Interestingly, '...Terror' was the first Jack the Ripper movie to propose aristocratic involvement in the murders, eight years before the late Joseph Sickert came out with his somewhat similar, but allegedly true theory that covered much the same ground, involving not just an aristocrat, but a Prince, who married beneath him. Admittedly, Sickert's theory claimed that the murders were committed to keep the marriage a secret, rather than to avenge a wrong, but it does seem curious that the fiction and alleged fact are so similar.
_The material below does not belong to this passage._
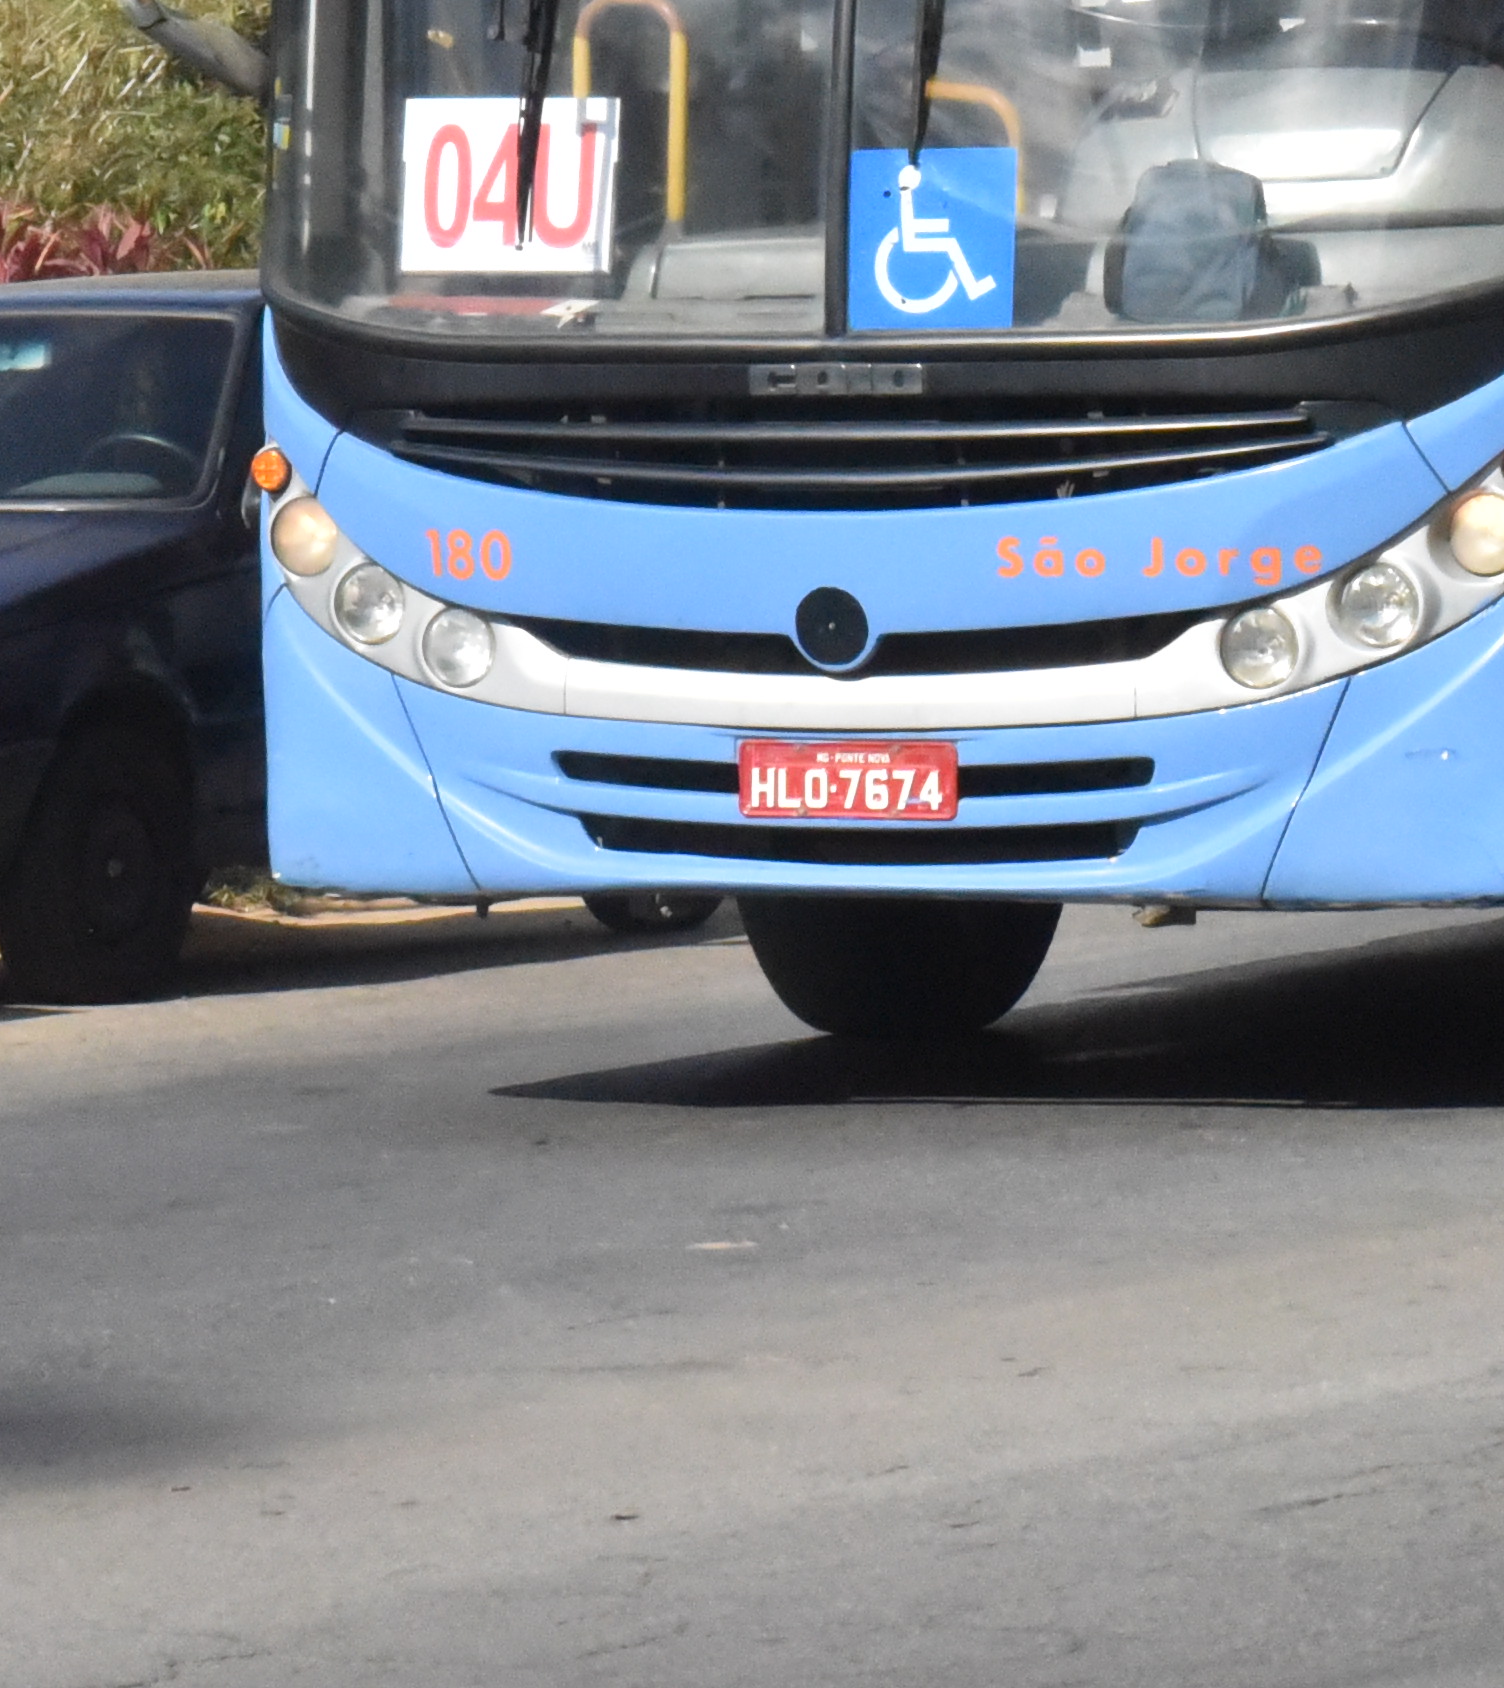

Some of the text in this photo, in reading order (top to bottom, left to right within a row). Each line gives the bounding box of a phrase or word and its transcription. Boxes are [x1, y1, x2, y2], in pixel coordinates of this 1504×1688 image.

[423, 123, 595, 250] 04U
[424, 528, 513, 582] 180
[997, 536, 1323, 586] São Jorge
Although this film does present the real victims killed by Jack the Ripper and does so in the right order, there are many inaccuracies, the most notable being that the actresses playing the unfortunate individuals, including Carry On and Eastenders star Barbara Windsor and Edina Ronay, daughter on the famous chef Egon, are, in the main, considerably younger and more attractive that the real victims (Windsor, who played Annie Chapman is, even today, at almost seventy, considerably better looking than the real 'Dark Annie'), but this is an exploitation movie, and eye candy is a integral part of this subgenre. In fact this is a perfect example of an exploitation picture when you examine its constituent elements. The makers exploited not only the 1960's horror boom, but also the perennial interest in Jack the Ripper and the enduring popularity of Sherlock Holmes perfectly.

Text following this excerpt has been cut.